Zebra Technologies annuncia i risultati finanziari del quarto trimestre 2006
Zebra Technologies annuncia i risultati finanziari del quarto trimestre 2006 Zebra Technologies Announces Record Sales for Fourth Quarter of 2006 Company achieves strong growth and record sales in North America; Results include reserve for insurance receivable Zebra Technologies Corporation (NASDAQ: ZBRA) today announced that net sales increased 17.1% for the quarter ended December 31, 2006, to a record $209,903,000, compared with $179,294,000 for the same period a year ago.
Zebra Technologies Announces Record Sales for Fourth Quarter of 2006
Company achieves strong growth and record sales in North America; Results include reserve for insurance receivable
Zebra Technologies Corporation (NASDAQ: ZBRA) today announced that net sales increased 17.1% for the quarter ended December 31, 2006, to a record $209,903,000, compared with $179,294,000 for the same period a year ago. Net income for the period was $21,446,000, or $0.30 per diluted share, including a pretax charge of $12,543,000 for the reserve of an insurance receivable. This charge reduced 2006 fourth quarter diluted earnings by $0.12 per share. For the fourth quarter a year ago, net income was $26,845,000, or $0.38 per diluted share.
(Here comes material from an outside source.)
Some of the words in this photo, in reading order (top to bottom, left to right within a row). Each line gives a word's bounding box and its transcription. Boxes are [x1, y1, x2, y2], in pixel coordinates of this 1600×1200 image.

Results for 2005 were restated to reflect the adoption of SFAS 123(R), Share-Based Payments.
“Zebra’s strong growth across all areas of our business benefited from programs to extend global reach and serve high-growth vertical markets with robust solutions,” stated Edward Kaplan, Zebra’s chairman and chief executive officer. “We enter 2007 with great optimism for further growth. We have continued favorable momentum in our core business, supported by increasing traction of recently introduced products. On top of this, our entry into real time locating systems (RTLS) with the acquisition of WhereNet in January adds another dimension of growth, access to active RFID and opportunity to build value for stockholders.”
Discussion and Analysis
For the fourth quarter of 2006 compared with the fourth quarter of 2005:
- High sales growth spanned geographies, products and channels. The North America, Latin America and EMEA regions achieved new quarterly sales records. Hardware sales increased 18.3%. Supplies sales increased 14.9%.
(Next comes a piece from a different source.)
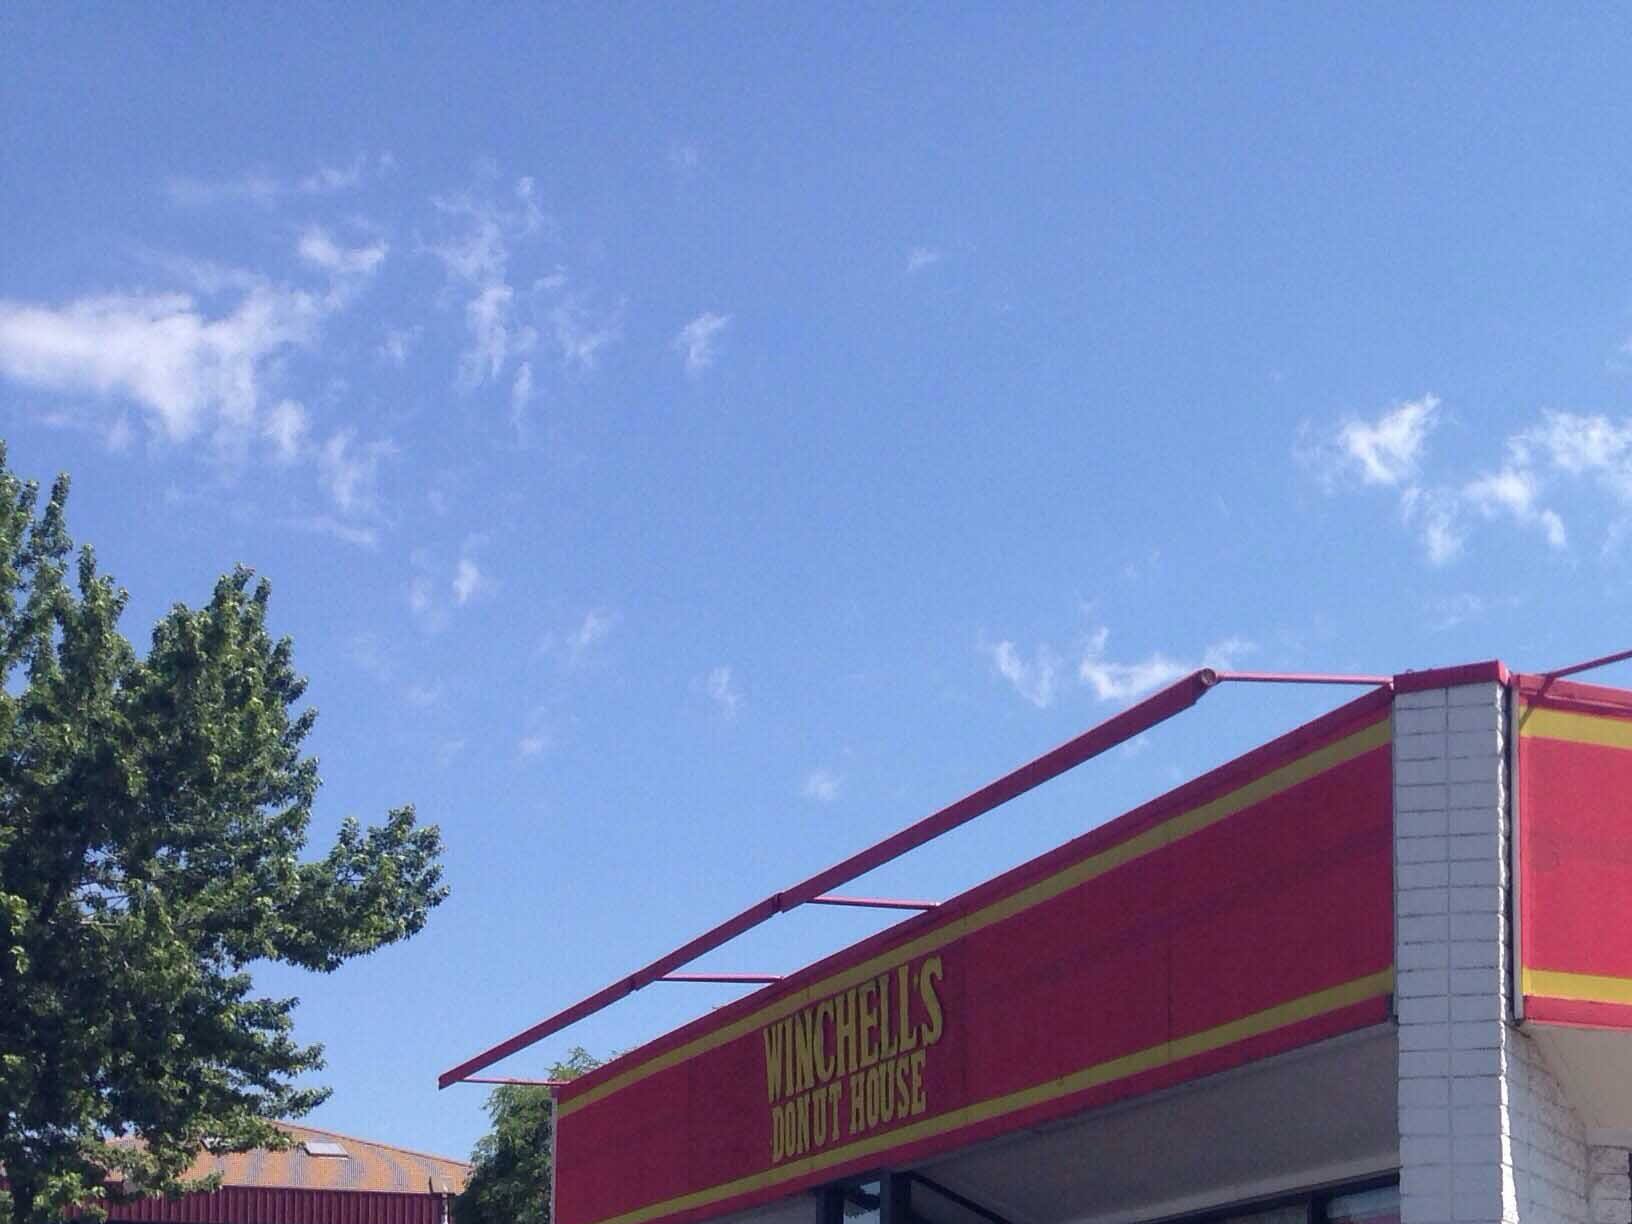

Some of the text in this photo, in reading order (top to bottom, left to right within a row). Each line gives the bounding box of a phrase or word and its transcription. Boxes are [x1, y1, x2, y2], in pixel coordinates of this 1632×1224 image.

[763, 956, 944, 1104] WINCHELL'S
[770, 1048, 926, 1163] DONUT HOUSE
- Gross profit margin declined to 46.9% from 50.0%. During the quarter, profitability was affected by higher material costs, adjustments to inventory reserves, and labor and overhead charges related to the start-up of new and expanded label conversion facilities in three locations.
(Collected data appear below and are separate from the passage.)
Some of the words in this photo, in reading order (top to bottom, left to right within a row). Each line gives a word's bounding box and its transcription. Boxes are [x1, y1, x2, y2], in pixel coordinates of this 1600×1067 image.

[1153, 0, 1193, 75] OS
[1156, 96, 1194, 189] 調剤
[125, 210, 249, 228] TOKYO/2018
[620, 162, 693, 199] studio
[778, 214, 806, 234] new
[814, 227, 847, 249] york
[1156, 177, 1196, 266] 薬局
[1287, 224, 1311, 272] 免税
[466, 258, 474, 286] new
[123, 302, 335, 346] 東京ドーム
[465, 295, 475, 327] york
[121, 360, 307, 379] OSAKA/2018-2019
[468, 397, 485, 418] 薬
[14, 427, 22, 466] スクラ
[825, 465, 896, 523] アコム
- The company took a pre-tax charge of $12,543,000 for the reserve of an insurance receivable that was related to the debt of a reseller customer. This debt was guaranteed by an insurance company doing business in the U.K. that defaulted on its guaranty obligation. Zebra has initiated legal action against the insurance company to enforce the guaranty.
- Higher personnel costs from increased staffing to support planned growth, and increased expenditures on activities in information systems also contributed to growth in operating expenses.
For the full year of 2006, the company had net sales of $759,524,000, up 8.2% from $702,271,000 for 2005. Annual net income was $70,946,000, or $1.00 per diluted share. Results include the settlement and license with Paxar Americas, Inc., that was recognized in the third quarter, as well as the receivable reserve in the fourth quarter. For 2005, net income was $106,184,000, or $1.47 per diluted share.
At December 31, 2006, Zebra had $559,189,000 in cash and investments, and no long-term debt. Net inventories were $81,190,000, and accounts receivable, net, were $122,540,000.
The company also announced that during the fourth quarter, it purchased 1.9 million shares of Zebra common stock against the 2.5 million shares authorized by Zebra’s Board of Directors. To date, Zebra has purchased 2.1 million shares under the current authorization.
First Quarter Outlook
Zebra also announced its financial forecast for the first quarter of 2007. Net sales are expected within a range of $195,000,000 and $205,000,000. Earnings are expected within a range of $0.33 and $0.37 per diluted share.
This press release contains forward-looking statements, as defined by the Private Securities Litigation Reform Act of 1995, including, without limitation, the statements regarding the company’s financial forecast for the first quarter of 2007 stated in the paragraph directly above. Actual results may differ from those expressed or implied in the company’s forward-looking statements. These statements represent estimates only as of the date they were made. Zebra may elect to update forward-looking statements but expressly disclaims any obligation to do so, even if the company’s estimates change.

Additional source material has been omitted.